**PROBLEM REQUIREMENTS:**
Reproduce the lines from the one holding "Some of the words" to the end of the entries. Include both ends and change nothing.

[LISTED RECORDS Boundary: Start]

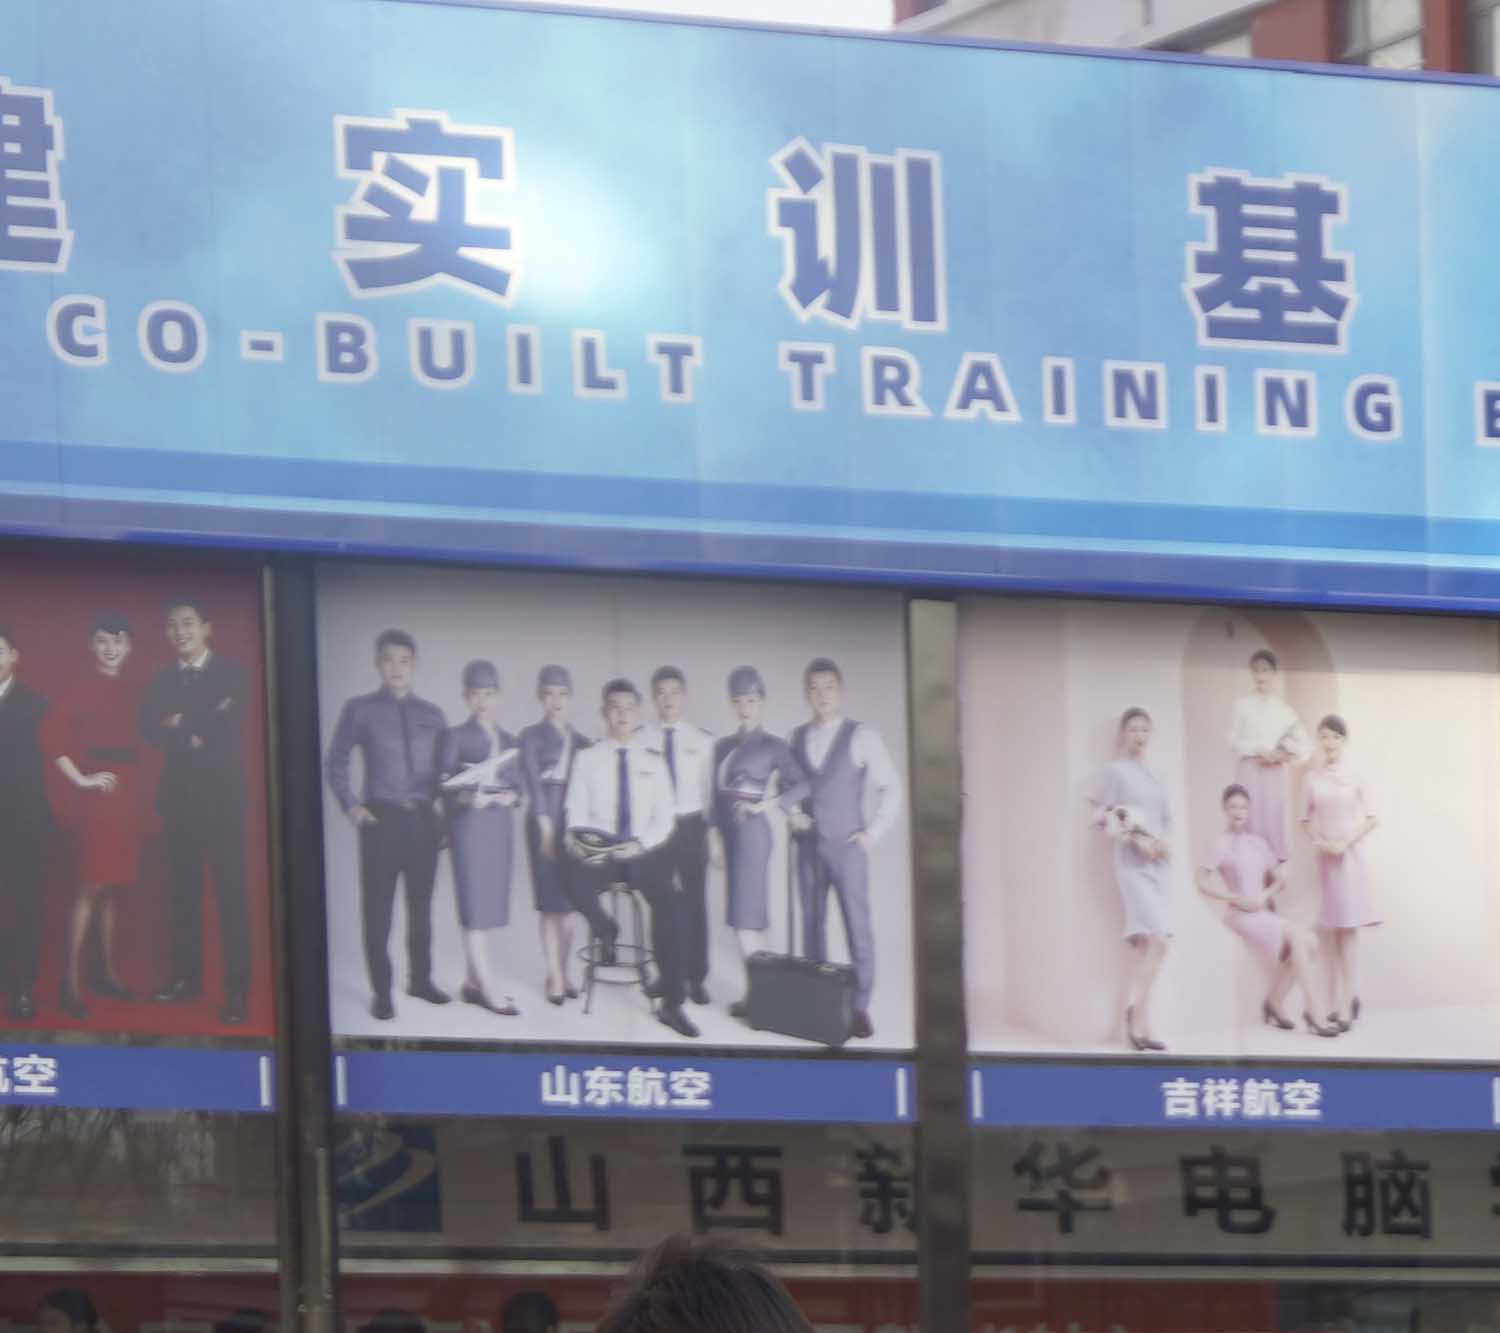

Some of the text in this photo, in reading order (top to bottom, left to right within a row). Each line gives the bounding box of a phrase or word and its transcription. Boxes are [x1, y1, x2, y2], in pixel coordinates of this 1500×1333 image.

[47, 293, 703, 404] CO-BUILT
[779, 341, 1402, 441] TRAINING
[0, 1054, 58, 1098] 空
[540, 1065, 713, 1112] 山东航空
[1162, 1077, 1322, 1121] 吉祥航空
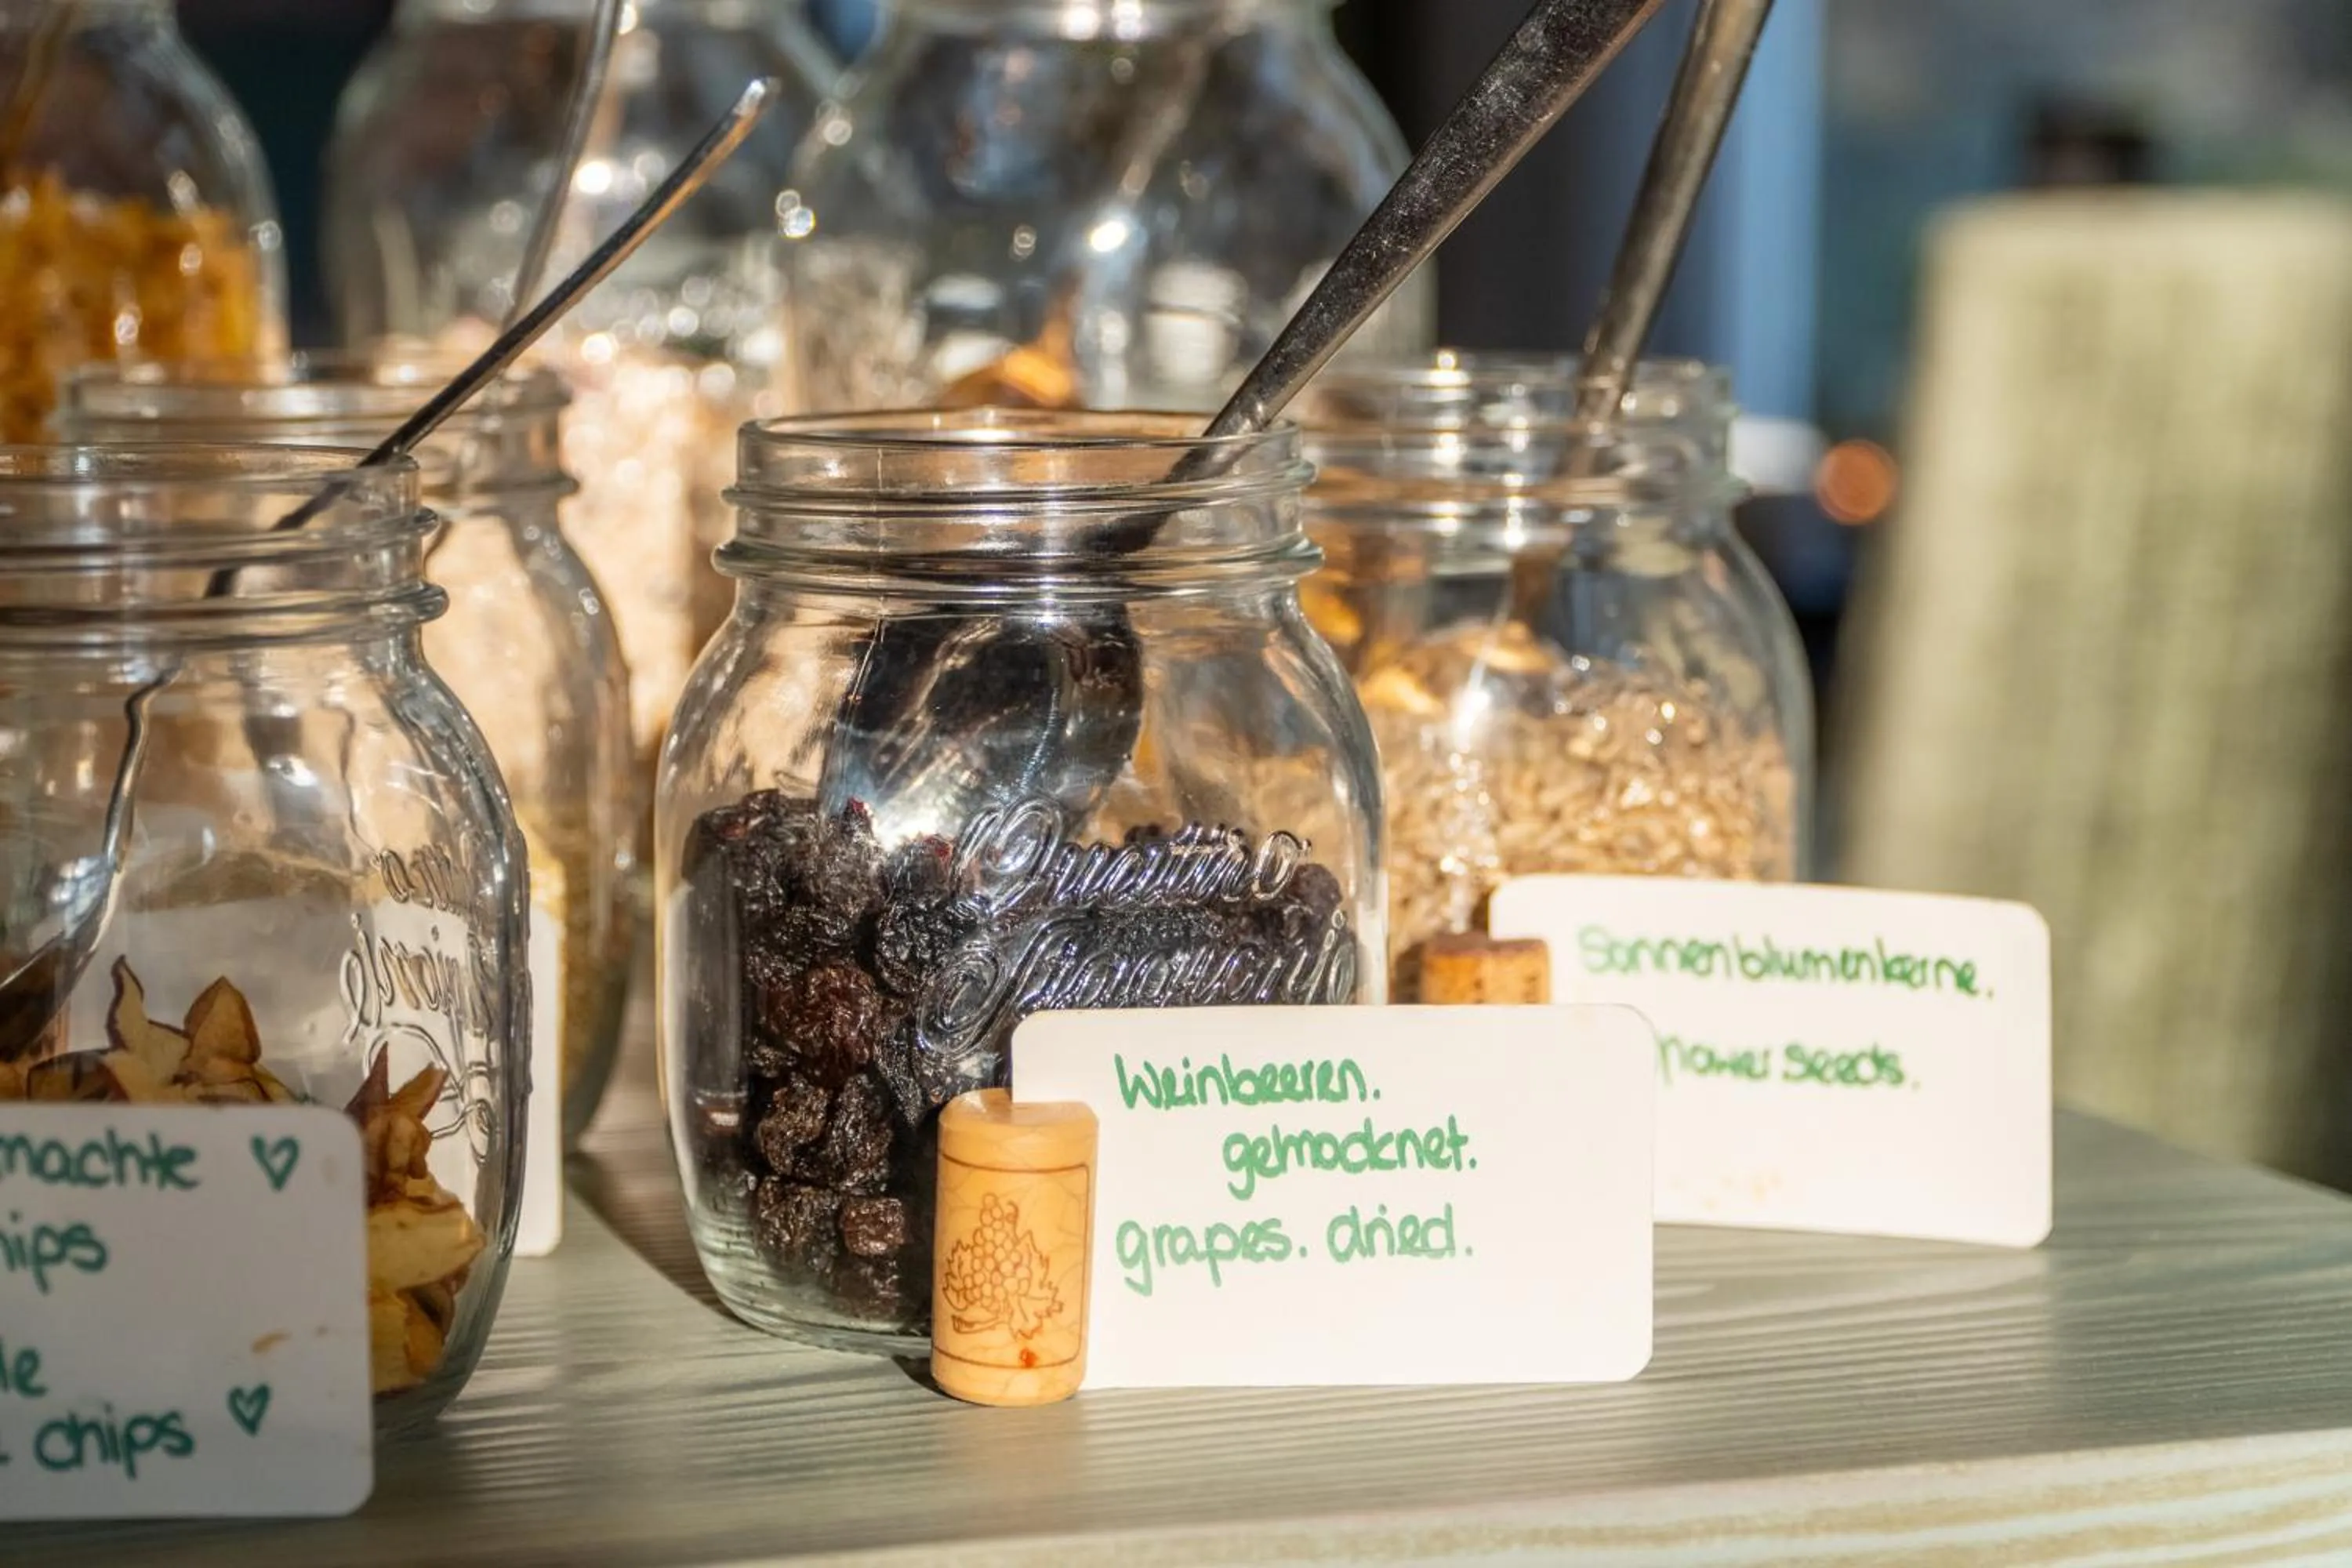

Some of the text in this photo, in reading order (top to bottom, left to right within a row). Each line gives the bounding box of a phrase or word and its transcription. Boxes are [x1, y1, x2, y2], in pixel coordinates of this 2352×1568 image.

[1113, 1053, 1381, 1112] Weinbeeren.
[1115, 1203, 1474, 1296] grapes. dried.
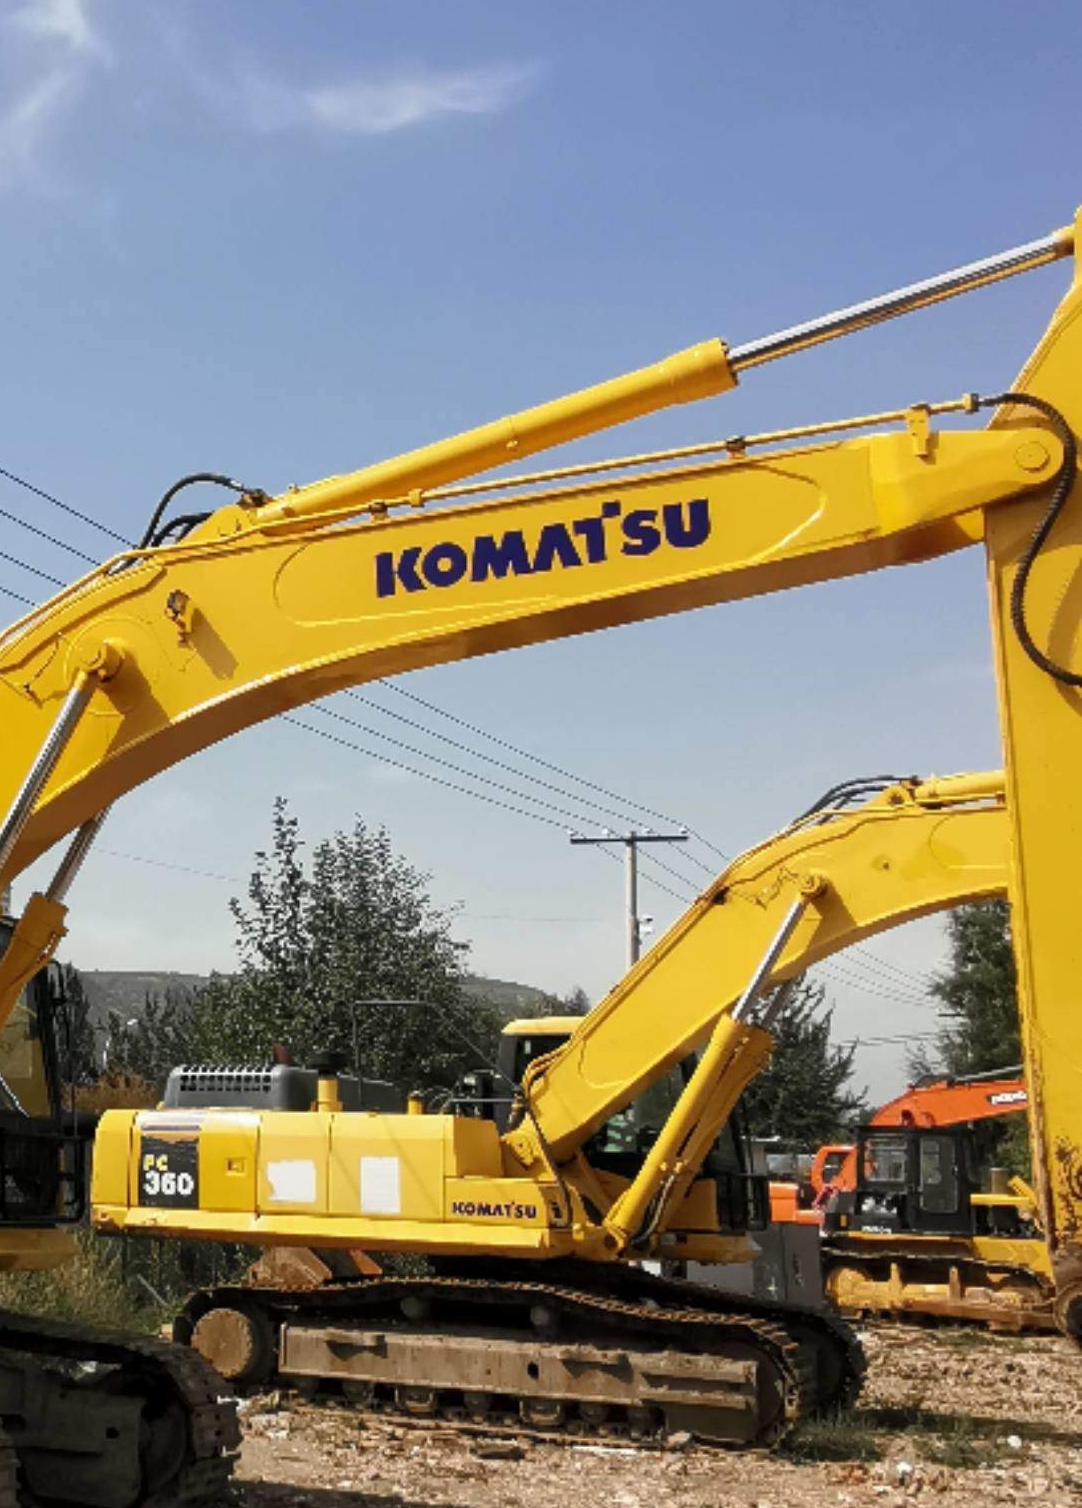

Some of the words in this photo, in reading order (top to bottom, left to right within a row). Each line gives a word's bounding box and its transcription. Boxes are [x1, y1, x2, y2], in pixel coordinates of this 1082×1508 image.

[375, 499, 711, 598] KOMATSU
[143, 1153, 168, 1171] PC
[143, 1170, 194, 1196] 360
[452, 1201, 536, 1219] KOMATSU

[LISTED RECORDS Boundary: End]

**EXERCISE RESULT:**
Some of the words in this photo, in reading order (top to bottom, left to right within a row). Each line gives a word's bounding box and its transcription. Boxes are [x1, y1, x2, y2], in pixel coordinates of this 1082×1508 image.

[375, 499, 711, 598] KOMATSU
[143, 1153, 168, 1171] PC
[143, 1170, 194, 1196] 360
[452, 1201, 536, 1219] KOMATSU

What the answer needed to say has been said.